Correspondence to: Dr. Rajeev Khanna, MD, Assistant Professor, Departments of Pediatric Hepatology, Radiology and Pathology, Institute of Liver and Biliary Sciences, D-1, Vasant Kunj, New Delhi 110070, India. drrajeev_khanna@rediffmail.com
Telephone: +91-96542-46963 Fax: +91-96542-46963
Received: November 14, 2013
Revised: January 9, 2014
Accepted: March 17, 2014
Published online: May 27, 2014
Processing time: 193 Days and 12.3 Hours
Abstract

An eleven-year-old clinically dysmorphic and developmentally retarded male child presenting with complaints of 5 episodes of recurrent cholestatic jaundice since 3 years of age was evaluated. Imaging revealed features consistent with congenital extrahepatic portocaval shunt (Abernethy type 1b), multiple regenerative liver nodules and intrahepatic biliary radical dilatation. The presence of ductal paucity and trisomy 8 were confirmed on liver biopsy and karyotyping. The explanation for unusual and previously unreported features in the present case has been proposed.
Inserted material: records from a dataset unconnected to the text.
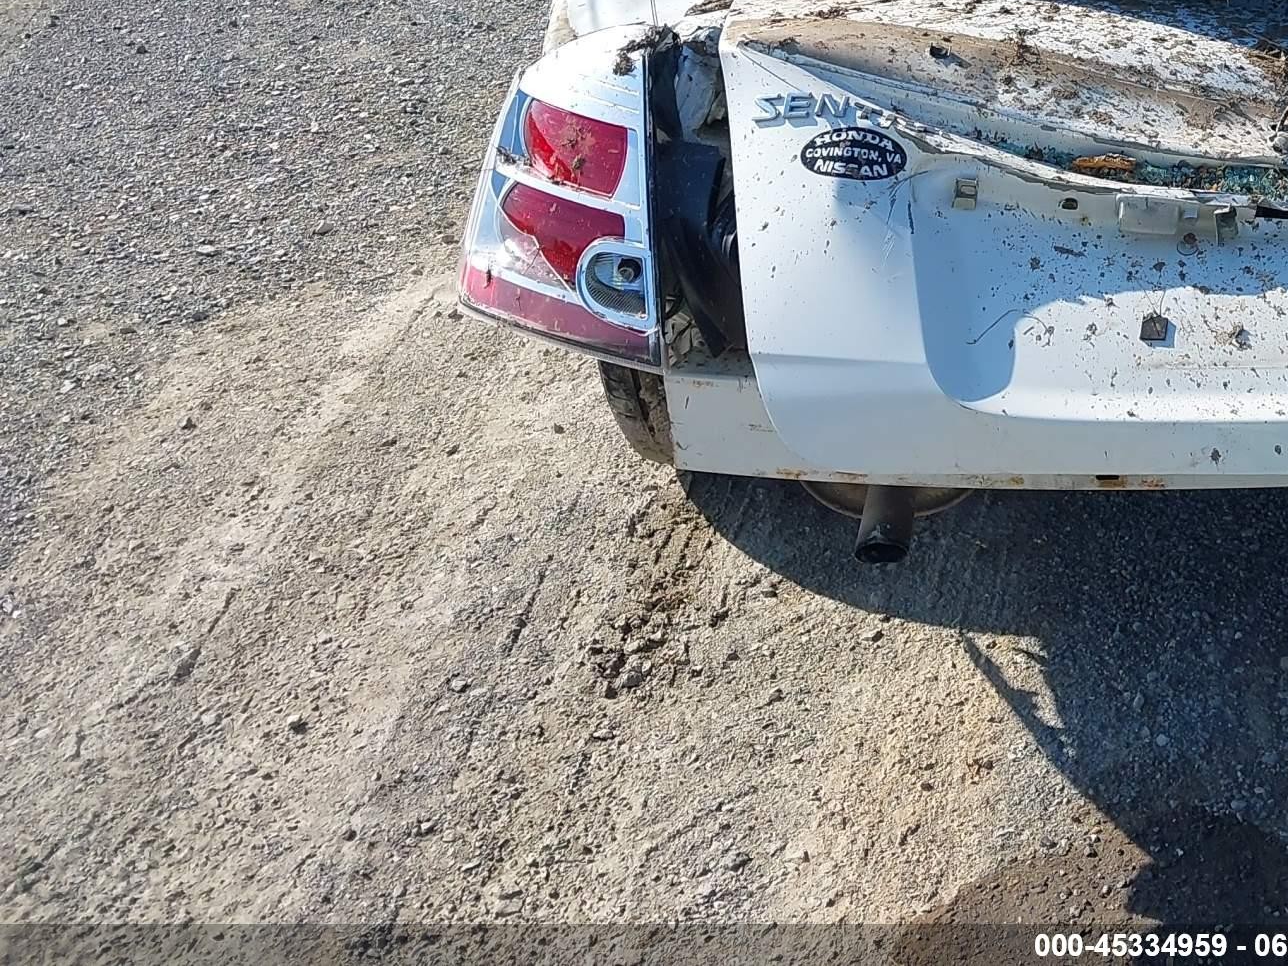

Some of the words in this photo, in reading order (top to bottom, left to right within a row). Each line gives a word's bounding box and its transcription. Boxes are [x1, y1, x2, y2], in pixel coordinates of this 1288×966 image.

[814, 130, 894, 151] HONDA
[805, 146, 882, 162] COVINGTON,
[886, 152, 902, 164] VA
[813, 159, 888, 177] NISSAN
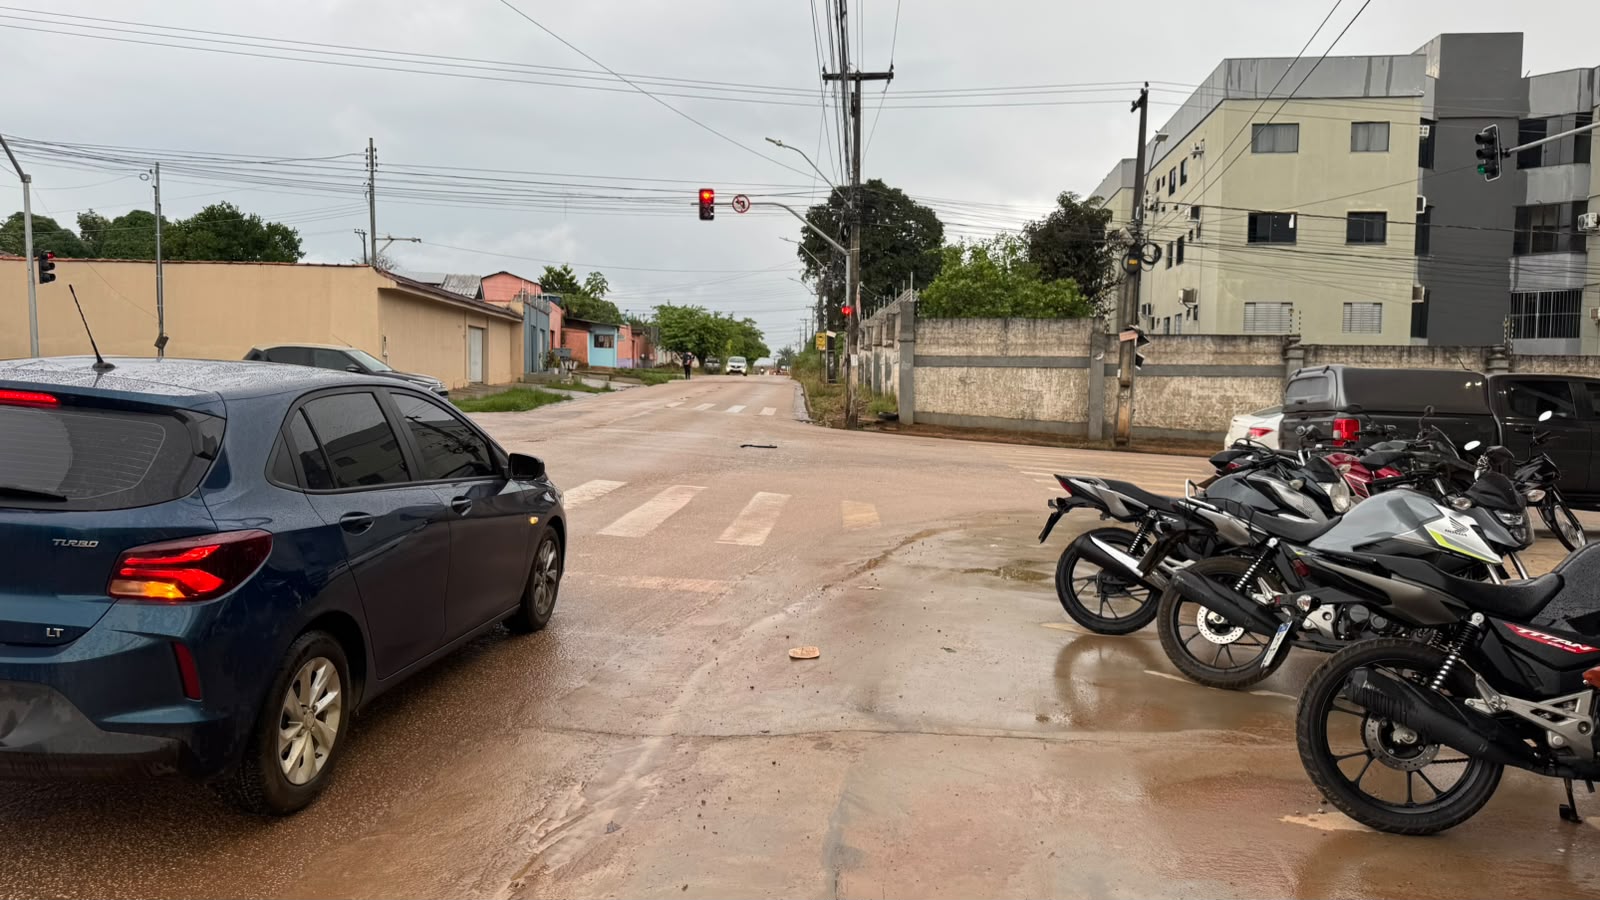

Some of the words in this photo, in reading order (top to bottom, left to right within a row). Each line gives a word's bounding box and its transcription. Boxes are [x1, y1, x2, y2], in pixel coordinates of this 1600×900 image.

[52, 538, 99, 548] TURBO
[46, 627, 64, 638] LT
[1516, 626, 1593, 651] TITAN
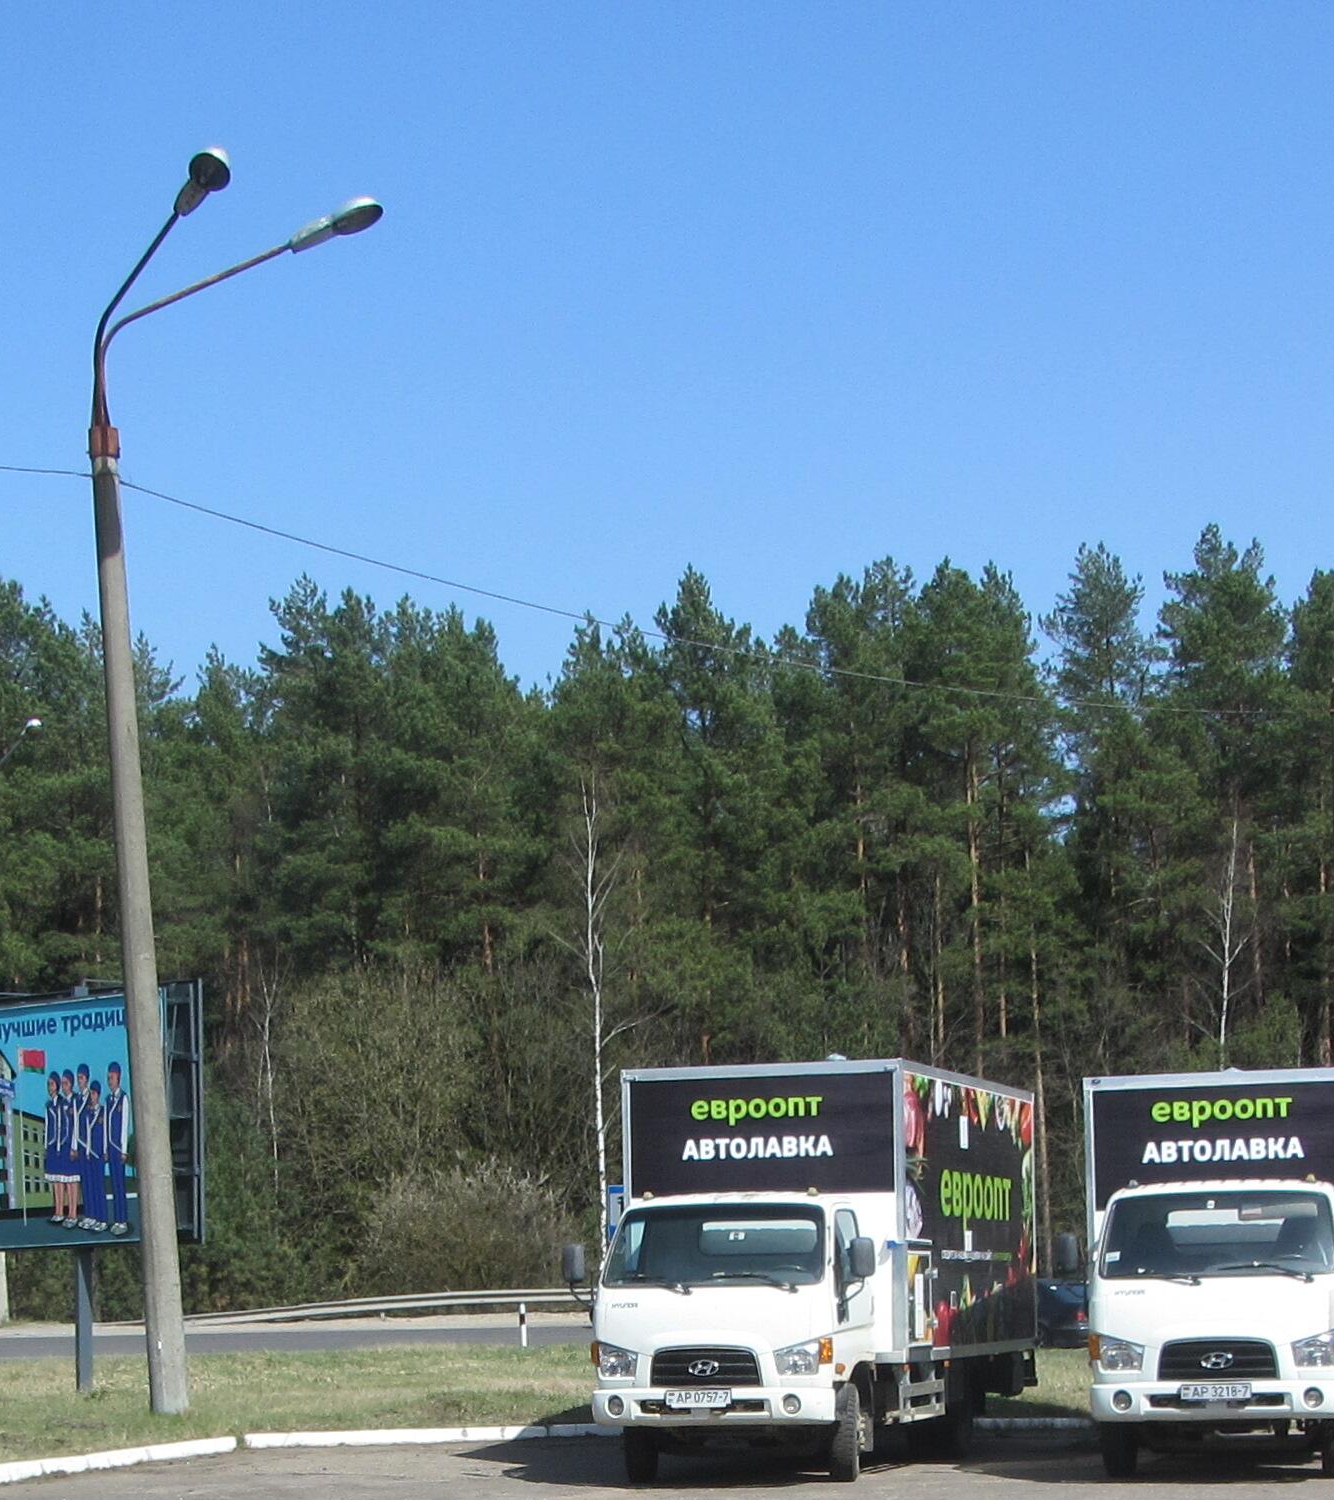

Keywords: Congenital extrahepatic portocaval shunt; Ductal paucity; Warkany syndrome; Trisomy 8

Core tip: This study highlights the association between the congenital extrahepatic portocaval shunt with hepatic ductal paucity and trisomy 8 for the first time in the world literature. Although the exact pathophysiology remains uncertain, plausible explanations are proposed.